What does “deep learning” mean?

The term deep learning refers to a set of machine learning algorithms relying on multiple processing layers to model high-level abstractions in the data. For our purposes, deep learning is simply a synonym of multiple hidden layers artificial neural networks (ANN) (have a look at A basic introduction to neural networks for more information).

Unlike “shallow” ANNs (single processing layer ANNs), deep neural networks seem to better model the cognitive process: each new layer aggregates the information/features extracted by the previous layers to build something more complex; it is a hierarchical process that tries to emulate the way humans perceive the real world.

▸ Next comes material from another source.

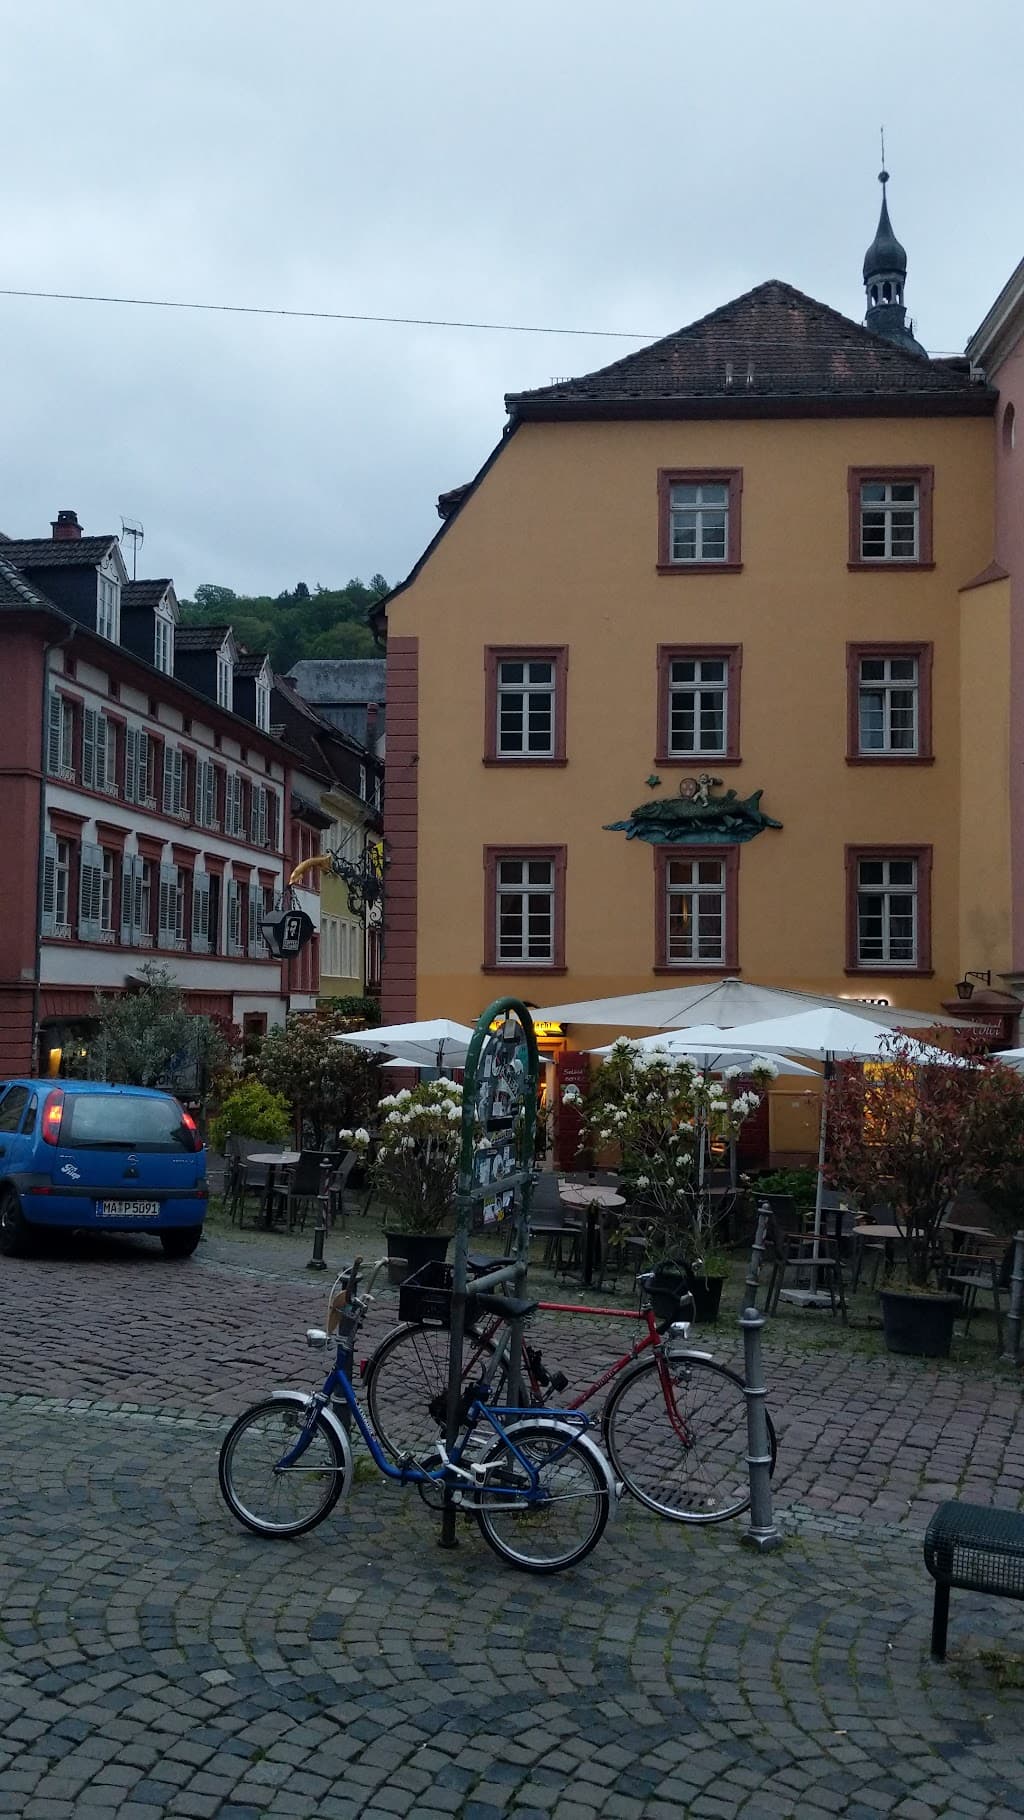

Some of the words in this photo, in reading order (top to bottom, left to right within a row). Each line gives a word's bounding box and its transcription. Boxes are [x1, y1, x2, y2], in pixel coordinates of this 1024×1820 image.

[103, 1202, 117, 1213] MA
[124, 1202, 131, 1213] P
[132, 1202, 158, 1214] 5091

That’s why deep learning is particularly suitable for classification tasks, image recognition and generation, speech recognition, object detection, recommendation systems, predictions and much more; that’s why deep learning is overcoming a lot of AI problems that seemed to be impossible to solve until a few years ago: no one would ever have guessed that a program could beat the Go world champion (Go is considered one of the most difficult games ever) who after the defeat stated: “If no one told me, […] I would think the player was a very strong player, a real person“. We are talking about software that could emulate the thinking process; deep learning might effectively reduce the distance between humans and machines!

 

Why now?

You are probably wondering why a so incredibly promising trend is having exponential improvements only in the last decade and that’s a right question, considering that ANNs have existed for almost 50 years! However, there are at least two things we have now that were not previously available:

  1. Big Data: a huge amount of data we can use to train our ANNs
  2. Highest computational power: cloud computing and graphics card processing to train increasingly deeper systems

 

Deep learning as a means to improve our everyday life

Thanks to deep learning a growing number of companies gives real value to data and extracts useful hidden information that could be used to make better decisions and improve their revenues: we are talking about data-driven companies.

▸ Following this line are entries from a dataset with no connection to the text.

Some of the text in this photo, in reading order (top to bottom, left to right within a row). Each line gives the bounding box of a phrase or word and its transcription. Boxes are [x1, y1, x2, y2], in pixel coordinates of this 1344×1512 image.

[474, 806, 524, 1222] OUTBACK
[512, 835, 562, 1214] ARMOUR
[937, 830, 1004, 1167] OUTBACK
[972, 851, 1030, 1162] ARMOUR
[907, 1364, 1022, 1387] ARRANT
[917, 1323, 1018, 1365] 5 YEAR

And there is actually more:

  • Deep learning might be used to improve the client satisfaction and the quality of services offered to the client, in general. By predicting server failures, for example, companies could minimize the downtime, reduce money losses and would have more resources to improve their services.
  • It could have medical applications (allowing to accurately predict diseases and/or building intelligent robots that help doctors to perform minimally invasive surgery).
  • It might improve our “everyday security” (just think of self-driving cars, video surveillance, military applications, …).

We do not know what tomorrow will bring, but it would not be wrong to say that deep learning is marking the beginning of a new era.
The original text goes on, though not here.